MUNA are a new frontier of pop that, with their new album Saves the World, mixes in more complex sounds and influences, while sounding more rhythmically punchy with a good dose of EDM involved.

Chuck D. of Public Enemy once talked about how his group would “approach every record like it was a painting,” and indeed, the painting on MUNA’s album is a labyrinth of scenes, characters, and moods. Saves the World is a readapted representation of a confused and frightened world.

Musically, the elements are simple and rooted in easily distinguishable influences. MUNA’s style of pop has a disco aesthetic to it, but songs like “Navy Blue” or “Memento” lose some of their power to make us feel and imagine certain situations, as we saw with the storytelling of their previous album, About U.

The sonic atmospheres that aren’t so full of paranoia and insecurities make the record glossier, more artificial — in short, MUNA creates their disco aesthetic without trying to humanize it too much.

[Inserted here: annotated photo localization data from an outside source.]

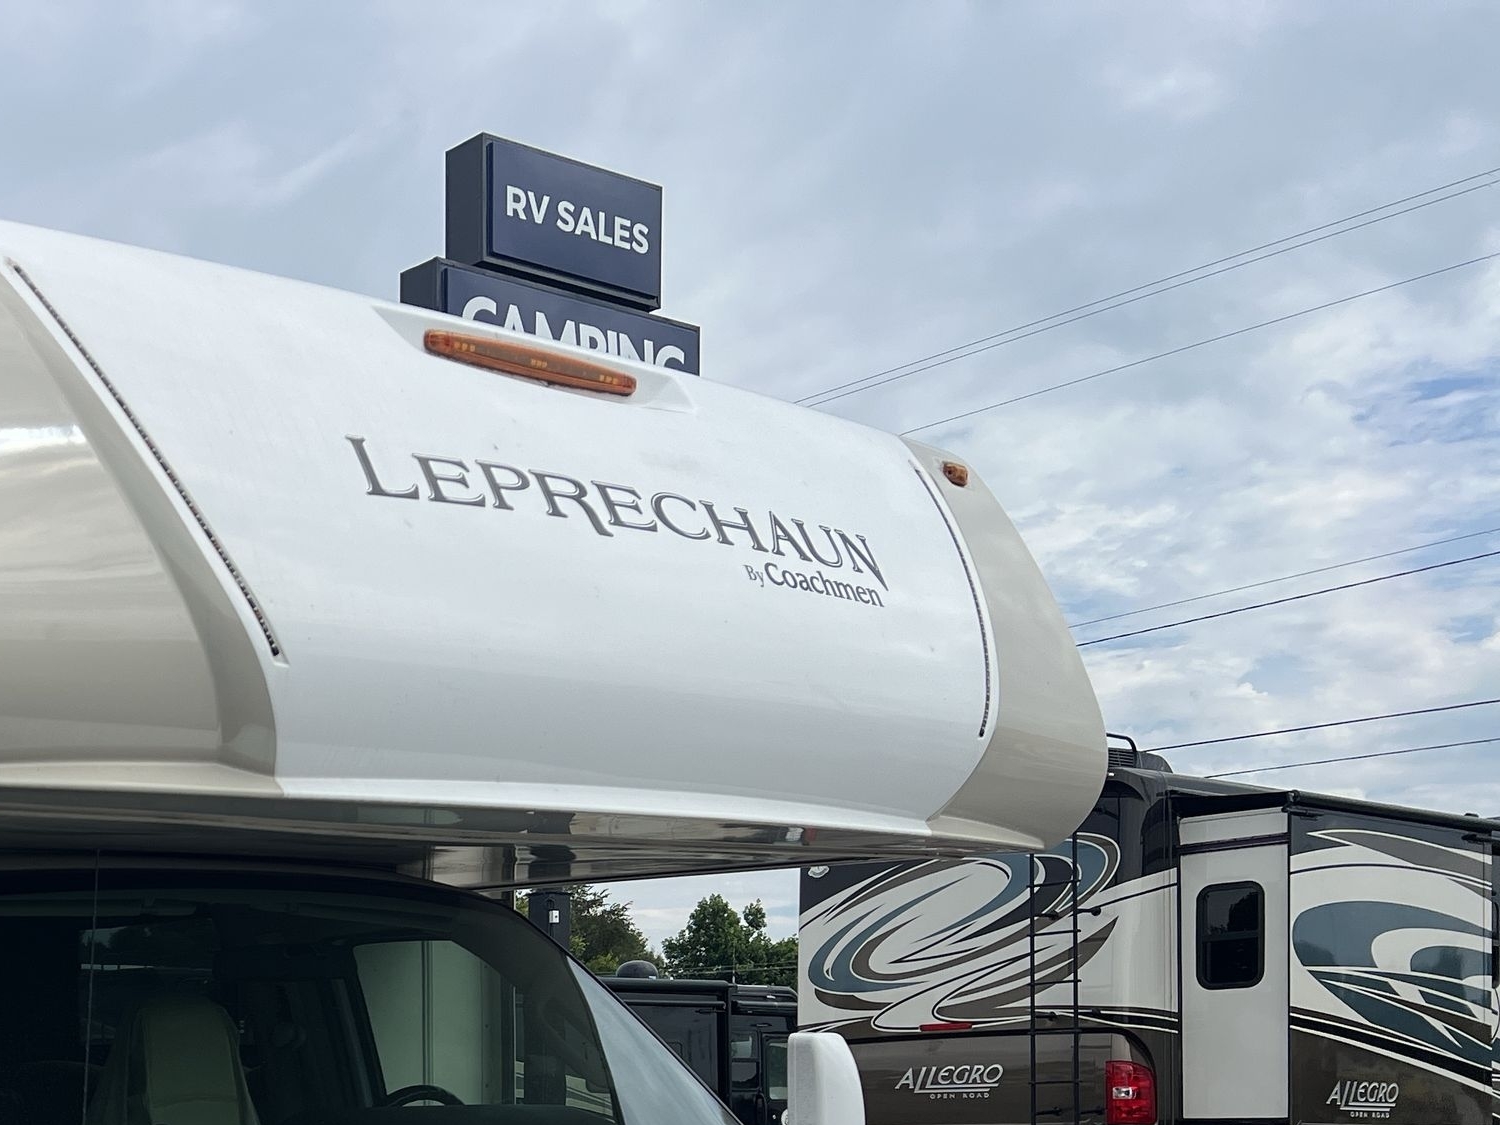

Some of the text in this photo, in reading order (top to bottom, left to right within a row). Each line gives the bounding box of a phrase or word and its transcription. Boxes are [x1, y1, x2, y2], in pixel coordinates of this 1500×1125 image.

[506, 184, 650, 254] RV SALES
[345, 434, 889, 592] LEPRECHAUN
[742, 562, 885, 607] By Coachmen
[894, 1063, 1004, 1093] ALLEGRO
[1325, 1080, 1399, 1111] ALLEGRO

If their previous work was set on capturing moments like returning home from an afterparty with the colours of lights faded in your eyes, Saves the World is modelled on a series of acts and moments of a completely different nature. In essence, the album is probably much more tied to the idea of experiencing the world as a theatre, and as a dance floor that makes room for feelings of melancholy and uncertainty.

The album is grounded in spatialism, using freedom as a banner to carry in a battle between MUNA and a contemporary world that is hard to decipher.

Even with this LP, MUNA imagine one place in a given moment in time. The message is extremely consistent with their mantra, which they expressed back in 2016: “Let us push ourselves to imagine a peaceful America, where no one has to live in fear. Let us continue to build spaces with our humble means that reflect the America of which we dream. Let us keep up the fight.” MUNA think, live and design pop music, trying to establish new effective ways of making it — and surely, their idea of the genre doesn’t exclude a constructive social and political confrontation.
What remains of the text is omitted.